(Provided records Opens)

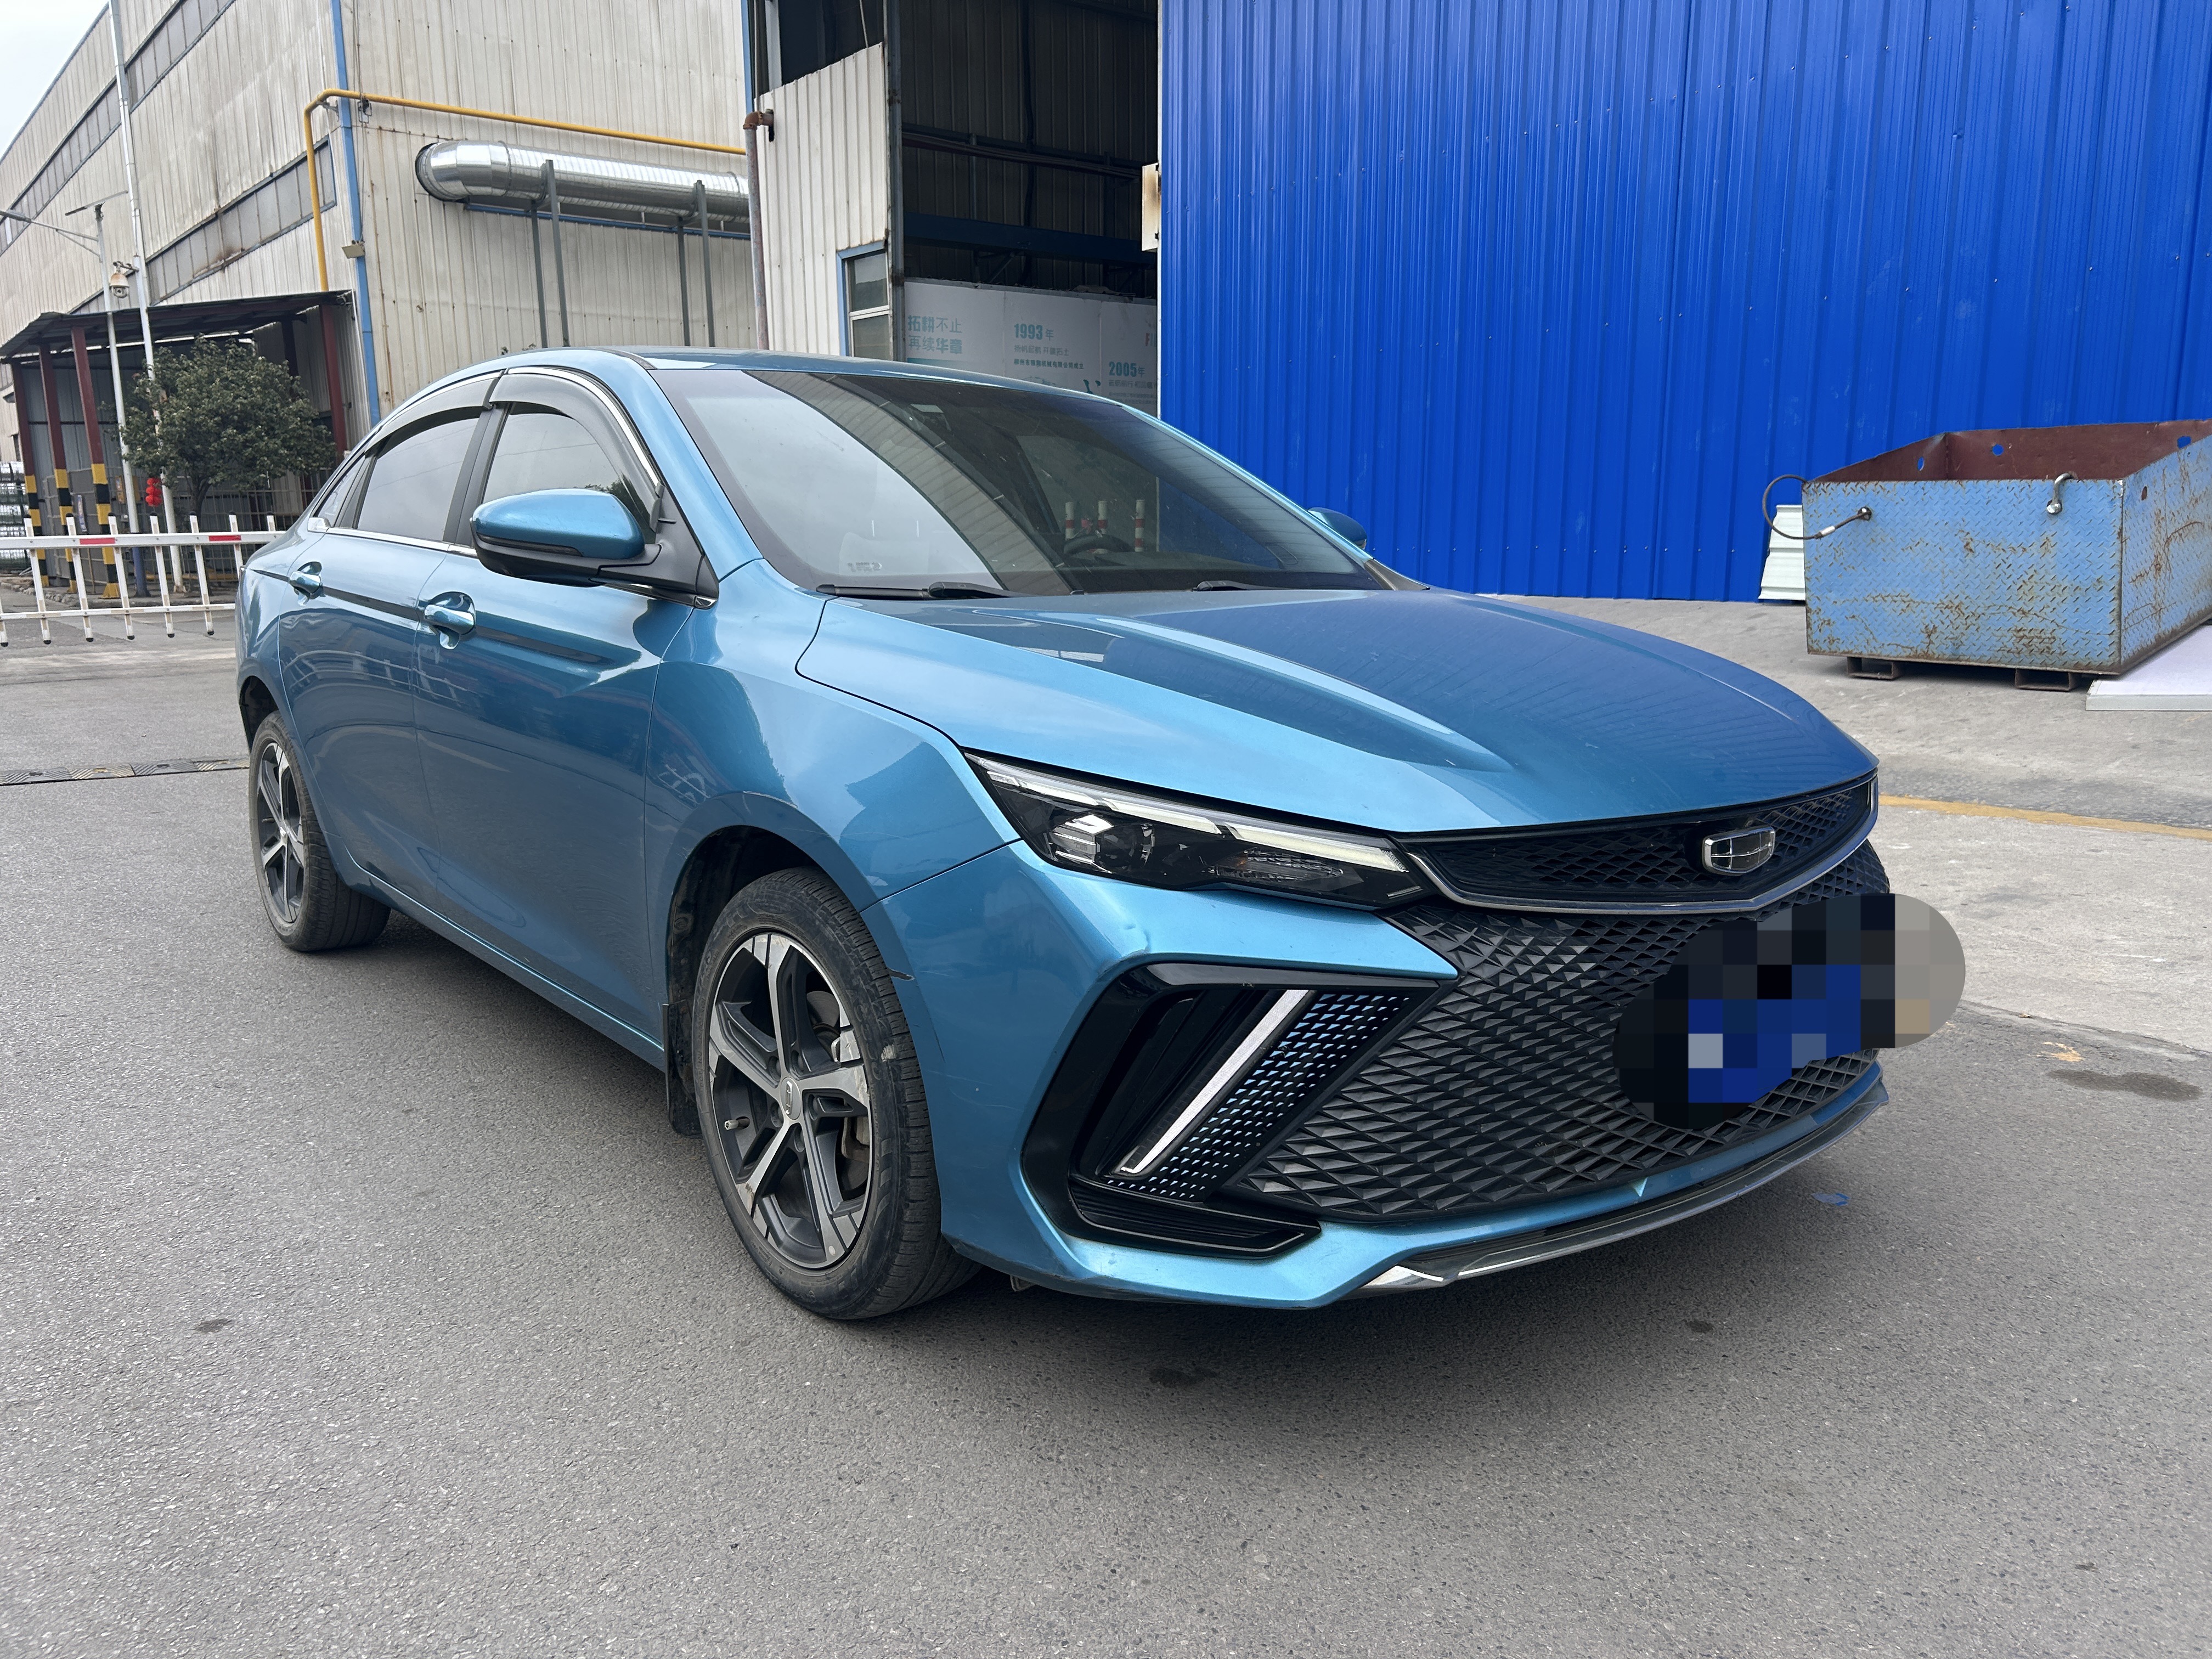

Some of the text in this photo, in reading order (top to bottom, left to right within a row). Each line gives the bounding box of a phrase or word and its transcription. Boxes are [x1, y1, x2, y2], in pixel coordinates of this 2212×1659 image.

[908, 315, 962, 332] 拓耕不止
[1014, 323, 1054, 341] 1993年
[909, 335, 962, 354] 再续华章
[1109, 362, 1145, 377] 2005年

(Provided records Closes)

The goal is an exact reprint of the entries, leaving out the pictures.

Answer section ::
Some of the text in this photo, in reading order (top to bottom, left to right within a row). Each line gives the bounding box of a phrase or word and its transcription. Boxes are [x1, y1, x2, y2], in pixel coordinates of this 2212×1659 image.

[908, 315, 962, 332] 拓耕不止
[1014, 323, 1054, 341] 1993年
[909, 335, 962, 354] 再续华章
[1109, 362, 1145, 377] 2005年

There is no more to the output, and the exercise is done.